→ Task item:
From the line containing "Some of the words" through the last line of the entries below, repeat each line word for word and leave out the rest.

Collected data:
+ + + + +
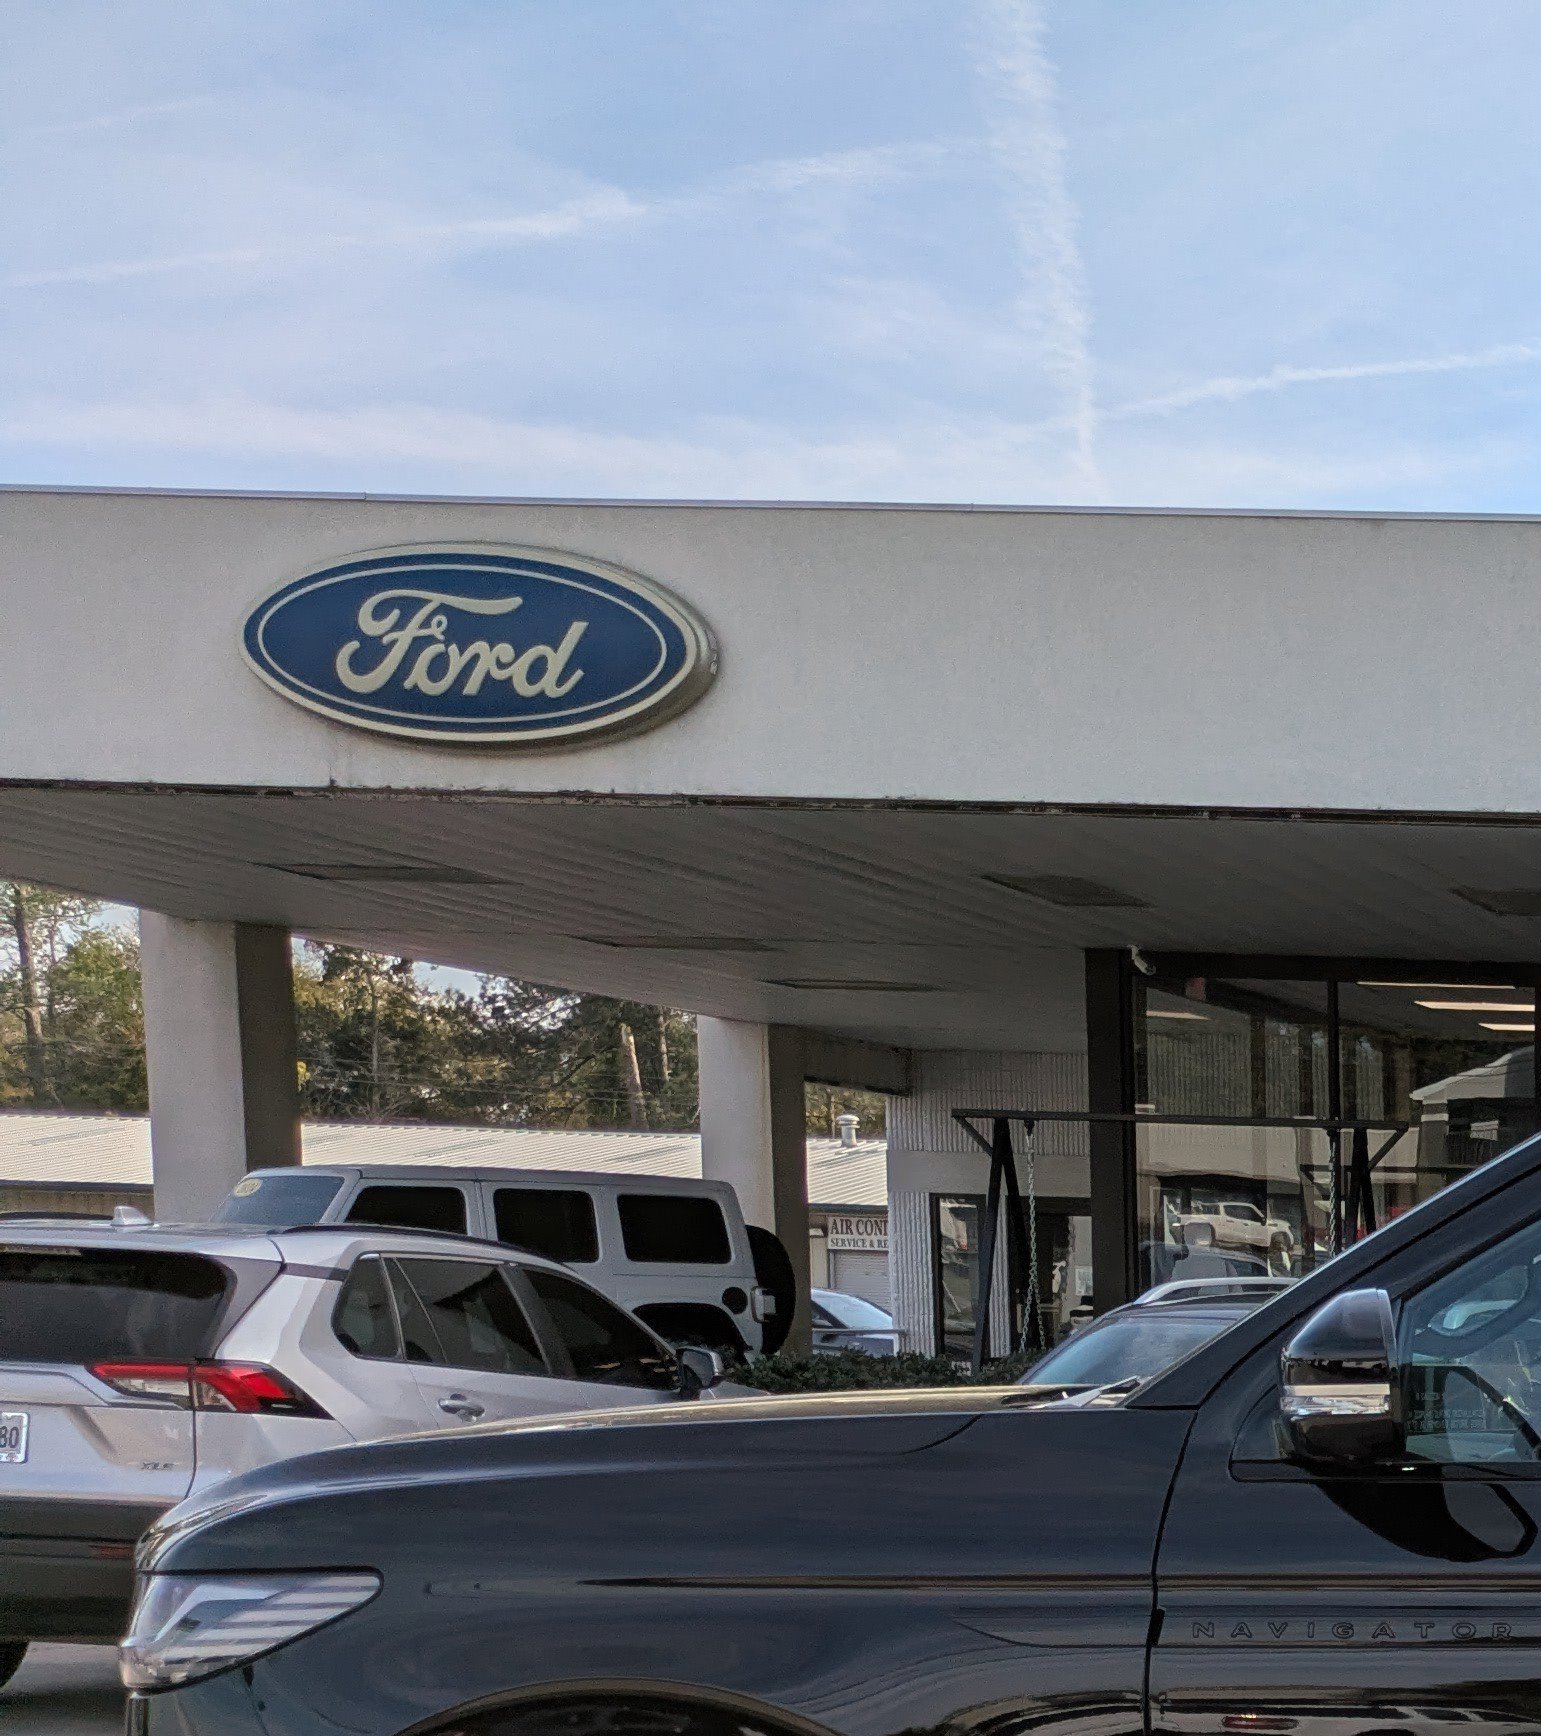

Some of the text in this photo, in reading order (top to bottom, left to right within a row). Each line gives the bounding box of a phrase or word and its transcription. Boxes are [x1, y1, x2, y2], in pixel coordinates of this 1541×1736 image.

[335, 589, 589, 698] Ford
[831, 1219, 853, 1235] AIR
[1192, 1620, 1515, 1641] NAVIGATOR
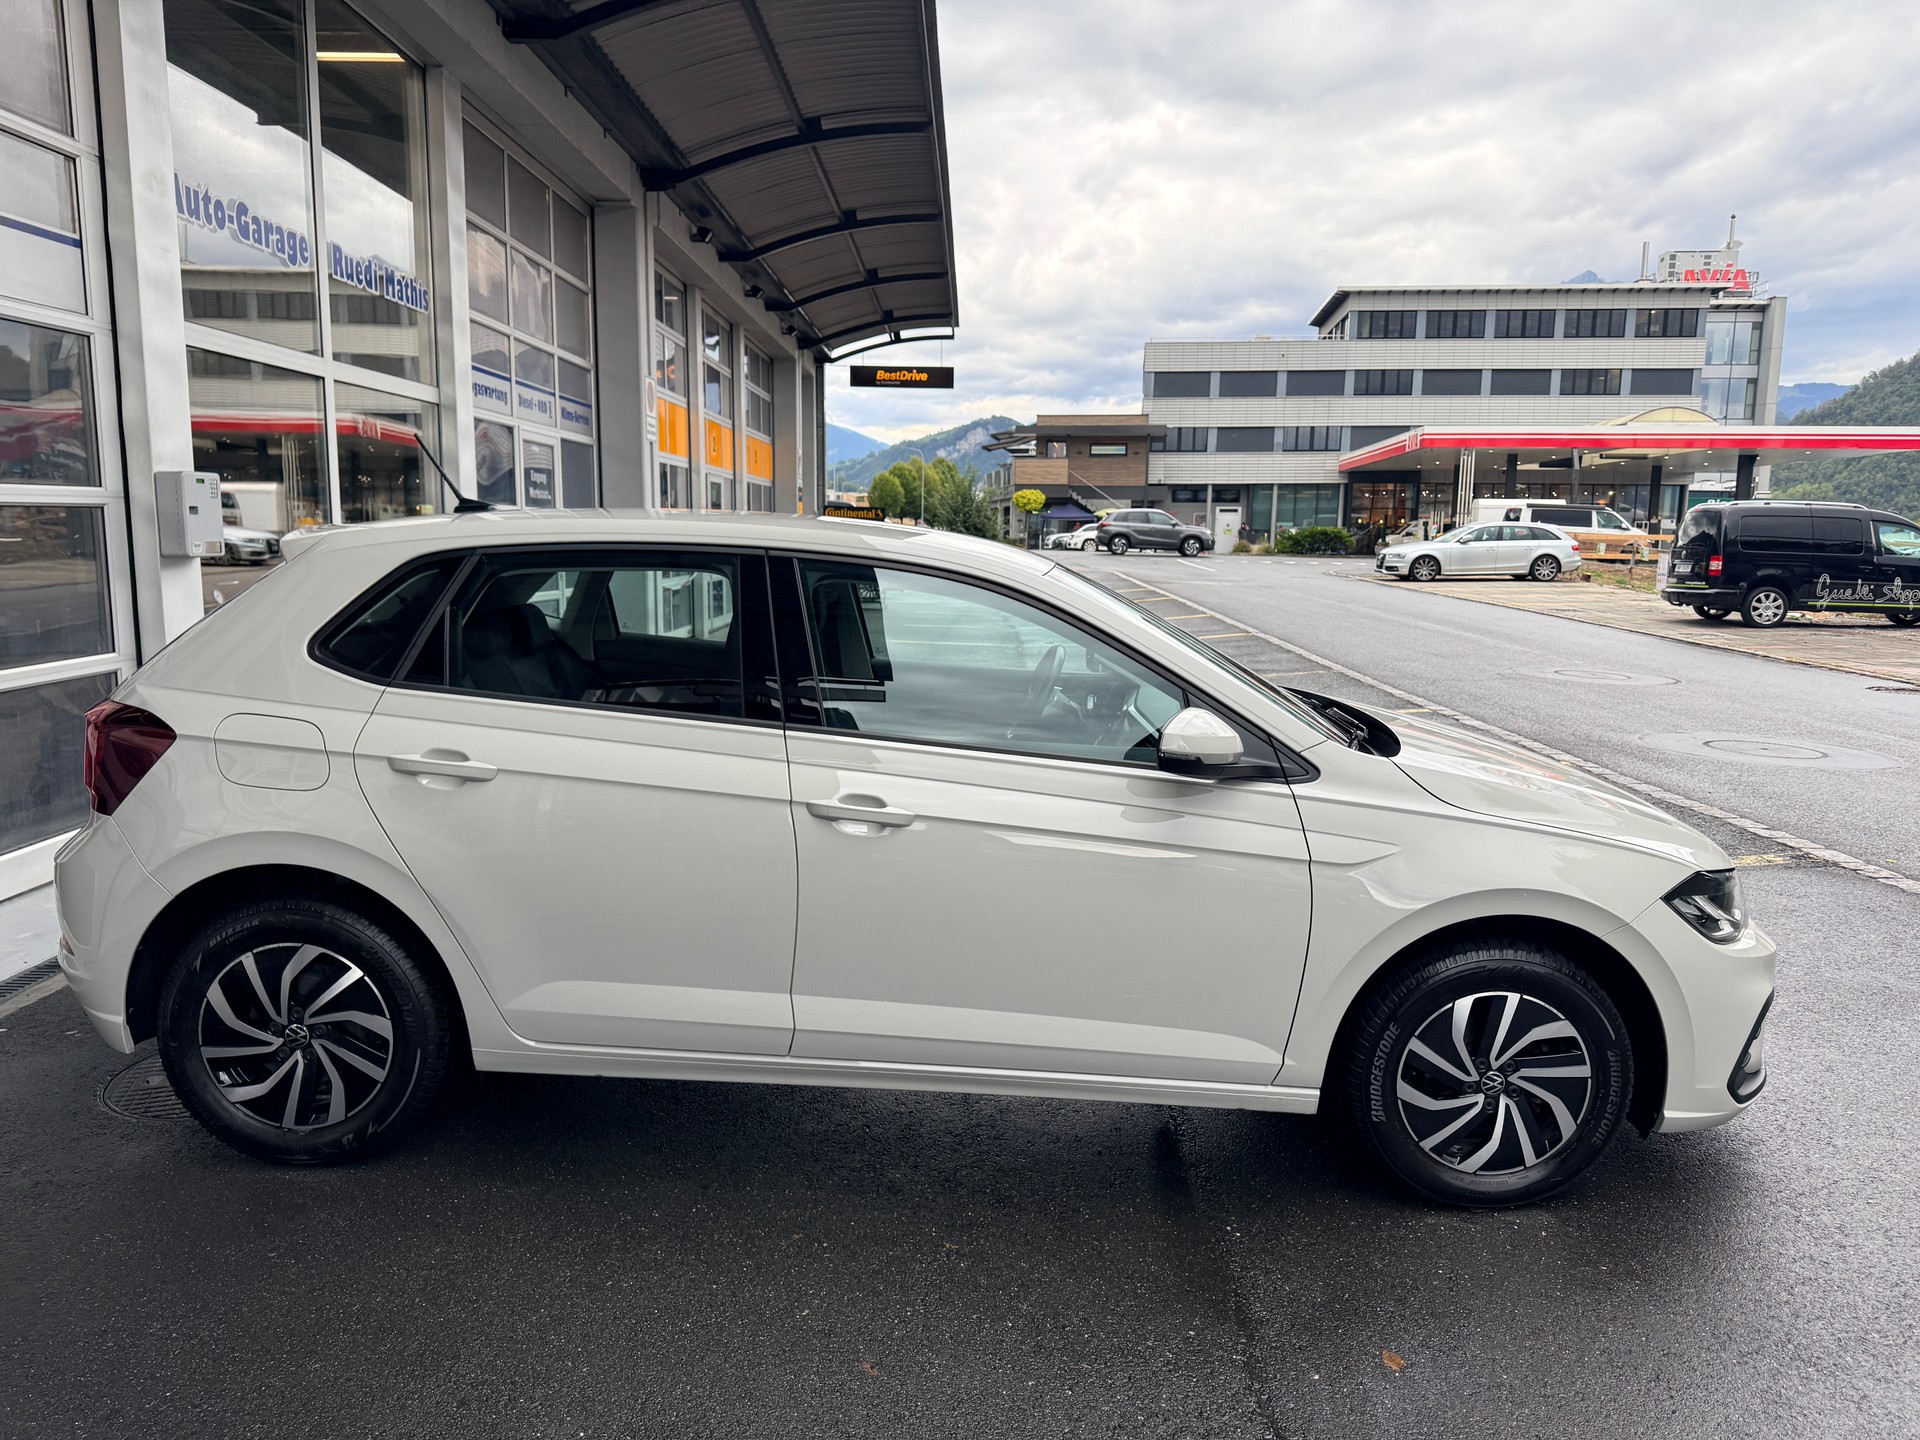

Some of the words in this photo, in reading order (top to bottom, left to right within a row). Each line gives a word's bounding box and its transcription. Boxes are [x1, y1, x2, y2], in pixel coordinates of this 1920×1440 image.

[173, 172, 310, 267] Auto-Garage
[332, 243, 380, 294] Ruedi
[384, 265, 429, 313] Mathis
[876, 369, 928, 382] BestDrive
[825, 507, 875, 518] Continental
[1370, 1021, 1401, 1123] BRIDGESTONE
[1590, 1048, 1623, 1149] BRIDGESTONE
+ + + + +
→ Result for this task:
Some of the words in this photo, in reading order (top to bottom, left to right within a row). Each line gives a word's bounding box and its transcription. Boxes are [x1, y1, x2, y2], in pixel coordinates of this 1920×1440 image.

[173, 172, 310, 267] Auto-Garage
[332, 243, 380, 294] Ruedi
[384, 265, 429, 313] Mathis
[876, 369, 928, 382] BestDrive
[825, 507, 875, 518] Continental
[1370, 1021, 1401, 1123] BRIDGESTONE
[1590, 1048, 1623, 1149] BRIDGESTONE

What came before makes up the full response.